# [SOLVED] GTA 4 Frame Rates



## thefearofme (Jan 26, 2010)

When playing GTA 4 the frames are not affected in anyway.. but.. it looks like the frames stop after every 1 second... fraps read a high framerate.. but those small 1 second freezes occur every 10 seconds. First I thought it might be a video card issue... but i set the graphics to low ... same thing.. same resut.

Idk if it might be a windows 7 issue but it doesnt seem like to be.


----------



## Floop (Jan 3, 2009)

*Re: GTA 4 Frame Rates*

Hi thefearofme,
Please post your full system specs - a good program to use is Everest (download from my signature).
Include your Power Supply brand and wattage. Thanks.


----------



## thefearofme (Jan 26, 2010)

*Re: GTA 4 Frame Rates*

Motherboard: Gigabyte P55m UD2
Processor: Intel Core i5 750 @ 2.66ghz
RAM: OCZ 4 GB RAM 1666mhz DDR3
Video Card: ATi Raedon HD 5750 Vapor X Edition
Hardisk: Western Digital 500 GB SATA 2
PSU: Cooler Master 950watts ( this was replaced with a new one so no troubles here)

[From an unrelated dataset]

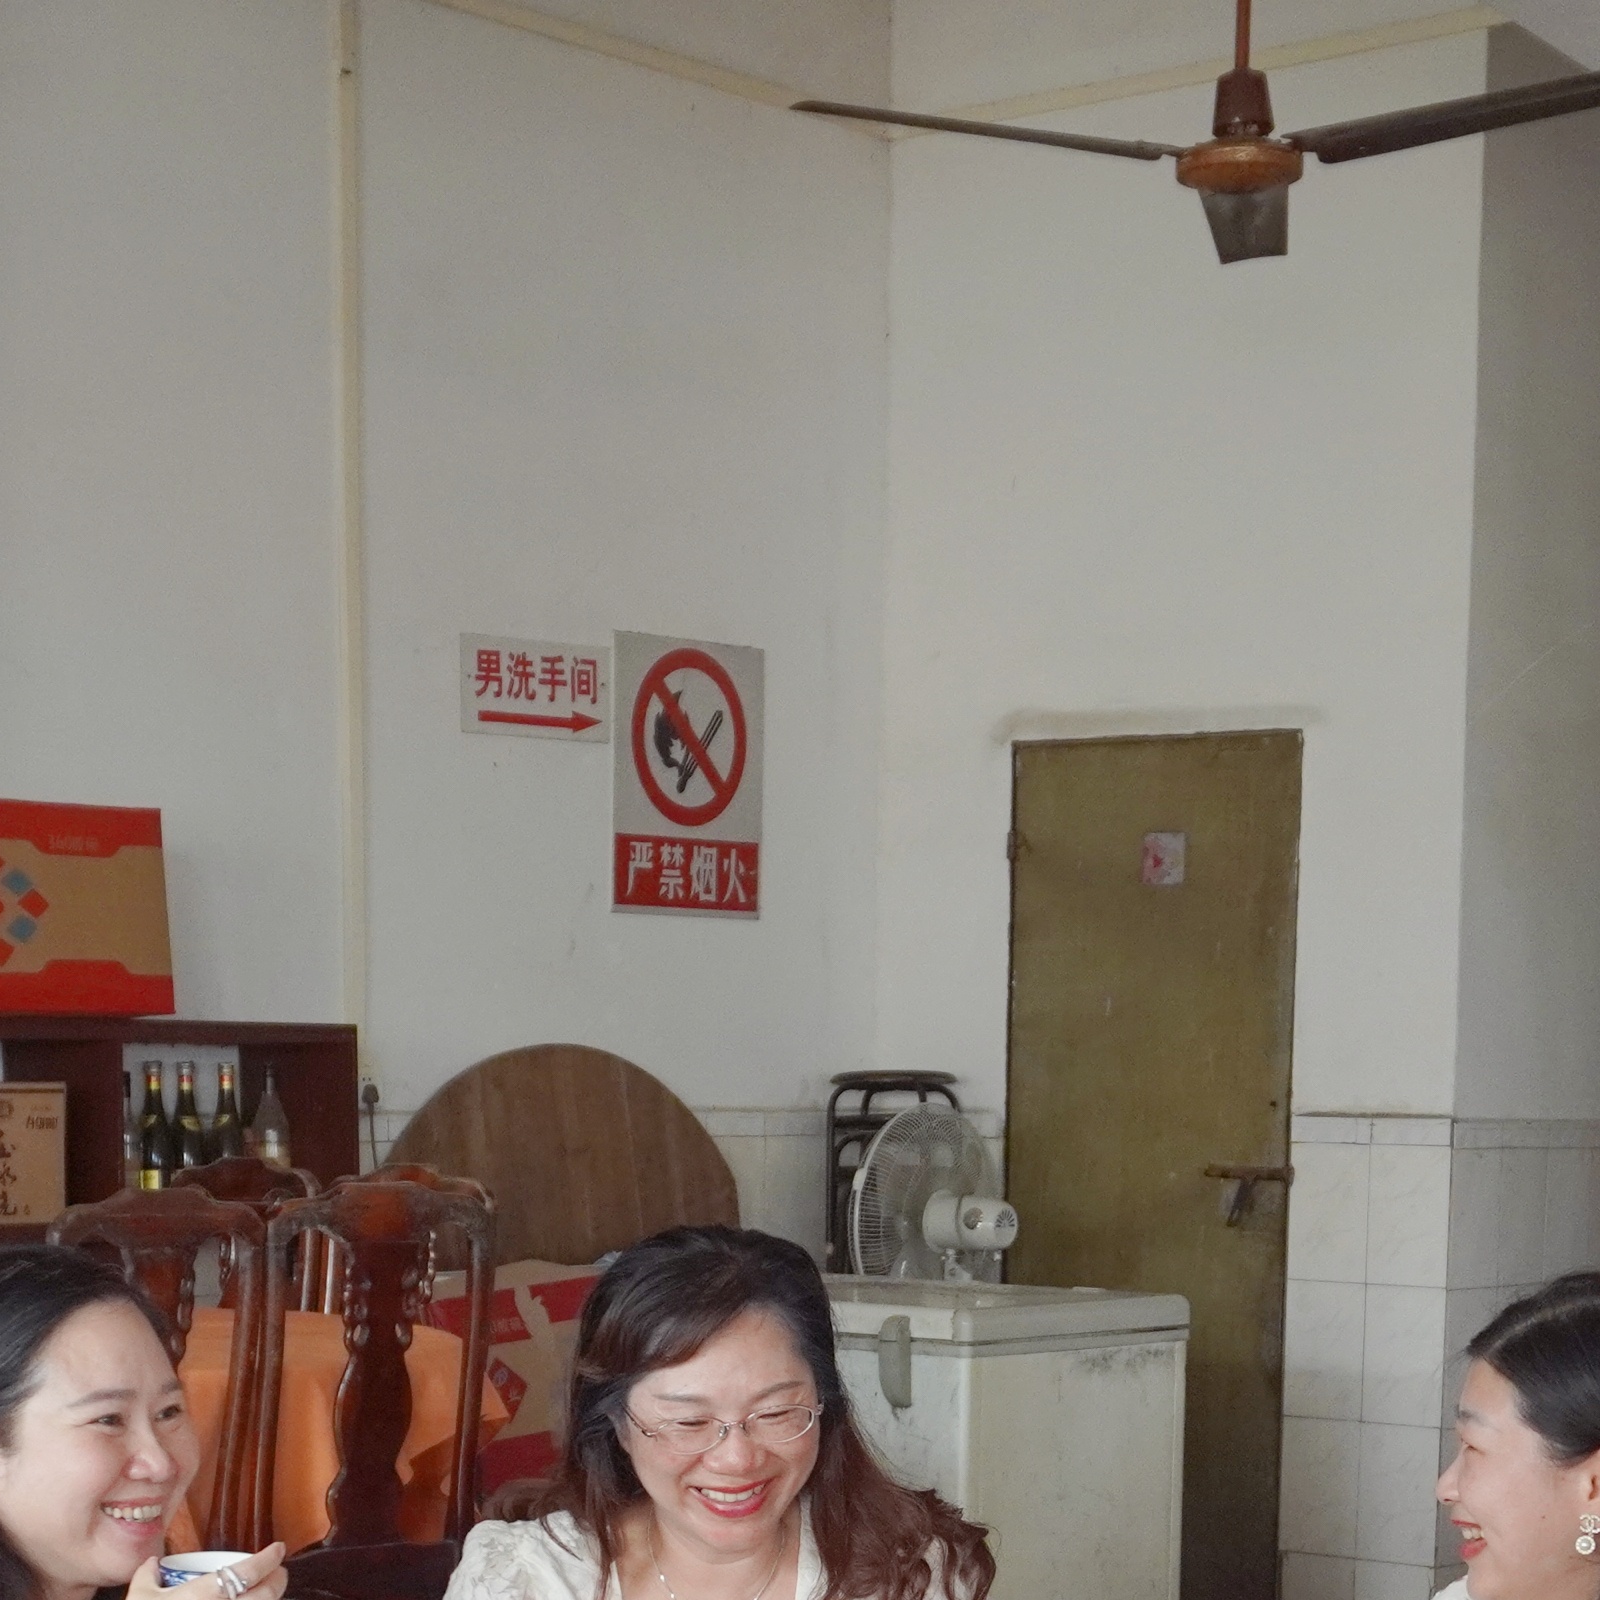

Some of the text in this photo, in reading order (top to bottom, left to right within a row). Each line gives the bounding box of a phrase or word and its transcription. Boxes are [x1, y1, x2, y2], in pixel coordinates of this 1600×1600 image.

my Specs outrun GTA 4 the problem is not with my specs.. its with the game 
any patches or anything?


----------



## Floop (Jan 3, 2009)

*Re: GTA 4 Frame Rates*

It may be a temperature problem.
Use Everest to record your temperatures whilst idle and whilst in game for about 20 mins.
Post those back here.
Thanks.


----------



## thefearofme (Jan 26, 2010)

*Re: GTA 4 Frame Rates*

i checked it out
its 55c average for all cores
and 61c for GPU


----------



## Floop (Jan 3, 2009)

*Re: GTA 4 Frame Rates*

Is this idle or under load?


----------



## thefearofme (Jan 26, 2010)

*Re: GTA 4 Frame Rates*

Underload


----------



## Floop (Jan 3, 2009)

*Re: GTA 4 Frame Rates*

Ok have you tried doing a full reinstall of the game?
Also have you installed the latest patch?


----------



## thefearofme (Jan 26, 2010)

*Re: GTA 4 Frame Rates*

I've tried patching the file and everything but.. patching just made the whole game crash.. it cant even start. so i will try re installing again (which i already before) tomorrow and i'll get back to ya


----------



## thefearofme (Jan 26, 2010)

*Re: GTA 4 Frame Rates*

well iv'e patched it and it still has the same problem.
I was surfing around the net and its just that the Game ITSELF has bad coding, so rockstar did some bad coding and its affecting everyone.


----------



## Floop (Jan 3, 2009)

*Re: GTA 4 Frame Rates*

Oh I see, maybe they'll bring a patch out soon then to get rid of the FPS problem many people are having.


----------



## RockmasteR (Aug 10, 2007)

*Re: GTA 4 Frame Rates*

Rockstar did a bad game for the PC, they released 4 patches and did not help that much!
did you uninstall the game using Revo uninstaller? you can get it from my sig
do you have the same problem with any other game?


----------



## thefearofme (Jan 26, 2010)

*Re: GTA 4 Frame Rates*

Solution found! The problem is with GTA IV keys, and it bugs with Windows Event Log for some reason. This fix works in Window 7 64-Bit:
Go to msconfig
"Services" tab
and disable Windows Event Log.


----------